Can this be improved in terms of speed?

      uint8_t sto[10000]; 
      uint8_t srt[32] = {<32 values in total>};
      uint8_t t,q
      
      uint64_t loop,cr = 0;
      
      for(loop = 0; loop < 10000; loop++) { 
          t = srt[loop % 32];     
          for(q = 0; q < 5; q++) {
              if(t & (0x1 << (4 - q))) 
                  sto[cr >> 3] |= (0x1 << (7 - (cr % 8)));
              cr++;
            }
      }
2

There are 2 answers

1
Eric Postpischil On BEST ANSWER

The code can be reduced to simply:

for (size_t i = 0; i < 10000; ++i)
    sto[i] |= bits[i % NBytes];

after doing some work to prepare bits. That loop can be unrolled, can be converted to units wider than uint8_t, can be converted to SIMD code, and can be parallelized. After a few of those, such as converting to wider units, it might stream at memory bandwidth, so further optimization might not be useful.

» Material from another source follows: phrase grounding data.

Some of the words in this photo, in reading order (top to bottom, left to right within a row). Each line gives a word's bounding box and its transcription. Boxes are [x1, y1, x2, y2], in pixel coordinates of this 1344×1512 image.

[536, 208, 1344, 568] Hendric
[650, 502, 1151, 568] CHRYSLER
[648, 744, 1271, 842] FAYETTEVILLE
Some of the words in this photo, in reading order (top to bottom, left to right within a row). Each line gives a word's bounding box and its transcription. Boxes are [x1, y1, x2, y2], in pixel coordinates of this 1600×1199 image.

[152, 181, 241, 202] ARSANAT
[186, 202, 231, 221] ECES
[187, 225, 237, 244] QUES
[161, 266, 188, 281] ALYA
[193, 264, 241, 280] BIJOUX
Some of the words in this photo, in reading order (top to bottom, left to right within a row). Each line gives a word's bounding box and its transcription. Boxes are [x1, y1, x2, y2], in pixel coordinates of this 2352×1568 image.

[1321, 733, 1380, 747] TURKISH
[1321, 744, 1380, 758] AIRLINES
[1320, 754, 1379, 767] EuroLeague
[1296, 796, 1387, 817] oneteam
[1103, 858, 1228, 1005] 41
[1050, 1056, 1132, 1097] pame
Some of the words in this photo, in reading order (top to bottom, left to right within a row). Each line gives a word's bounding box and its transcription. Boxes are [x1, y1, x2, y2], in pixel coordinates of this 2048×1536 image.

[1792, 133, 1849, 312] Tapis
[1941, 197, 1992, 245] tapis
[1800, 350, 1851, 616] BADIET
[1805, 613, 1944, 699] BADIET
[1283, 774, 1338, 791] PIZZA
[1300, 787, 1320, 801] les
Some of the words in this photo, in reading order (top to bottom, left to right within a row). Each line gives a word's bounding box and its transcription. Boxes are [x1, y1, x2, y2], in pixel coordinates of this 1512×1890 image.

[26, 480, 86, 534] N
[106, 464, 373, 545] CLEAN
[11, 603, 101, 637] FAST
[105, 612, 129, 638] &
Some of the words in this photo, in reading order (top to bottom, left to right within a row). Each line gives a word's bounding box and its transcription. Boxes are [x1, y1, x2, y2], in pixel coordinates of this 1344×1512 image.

The work to prepare bits is to consolidate the bits from srt into a full bitmask:

#define NSrt    32          //  Number of elements in srt.
#define NBits   (NSrt*5)    //  Number of bits used from srt.
#define NBytes  (NBits/8)   //  Number of bytes used by NBits.

/*  Consolidate the bits of srt into bytes, processing eight elements of
    srt (i) and five elements of bits (j) per iteration.
*/
uint8_t bits[NBytes];
for (size_t i = 0, j = 0; i < NSrt; i += 8, j += 5)
{
    /*  Get five bits from each srt elements.  (b0 does not need to be
        masked because its high bits will be shifted out of the uint8_t
        span.)
    */
    uint8_t
        b0 = srt[i + 0],
        b1 = srt[i + 1] & 0x1f,
        b2 = srt[i + 2] & 0x1f,
        b3 = srt[i + 3] & 0x1f,
        b4 = srt[i + 4] & 0x1f,
        b5 = srt[i + 5] & 0x1f,
        b6 = srt[i + 6] & 0x1f,
        b7 = srt[i + 7] & 0x1f;

    //  Merge the five-bit segments into eight-bit units.
    bits[j + 0] = b0 << 3 | b1 >> 2;
    bits[j + 1] = b1 << 6 | b2 << 1 | b3 >> 4;
    bits[j + 2] = b3 << 4 | b4 >> 1;
    bits[j + 3] = b4 << 7 | b5 << 2 | b6 >> 3;
    bits[j + 4] = b6 << 5 | b7;
}
5
chux - Reinstate Monica On

Better optimization possible with larger code and a timing test harness.
Candidate simplifications (All minor).

t never used. Drop it

Drop code t = srt[loop % 32];.

// t = srt[loop % 32];

@affluentbarnburner, did you mean if(t & (0x1 << (4 - q))) instead of if(srt[ord] & (0x1 << (4 - q)))?

Form a mask

//for(q = 0; q < 5; q++) {
//  if(srt[ord] & (0x1 << (4 - q)))
for (unsigned mask = 1 << 4; mask; mask >>= 1) {
  if (srt[ord] & mask)

Use size_t for array indexing

  // uint64_t loop;
  size_t loop;
  for(loop = 0; loop < largeNumber; loop++) { 

Use byte and bit indexes rather than a combined one

Separate (narrower) indexes may be faster.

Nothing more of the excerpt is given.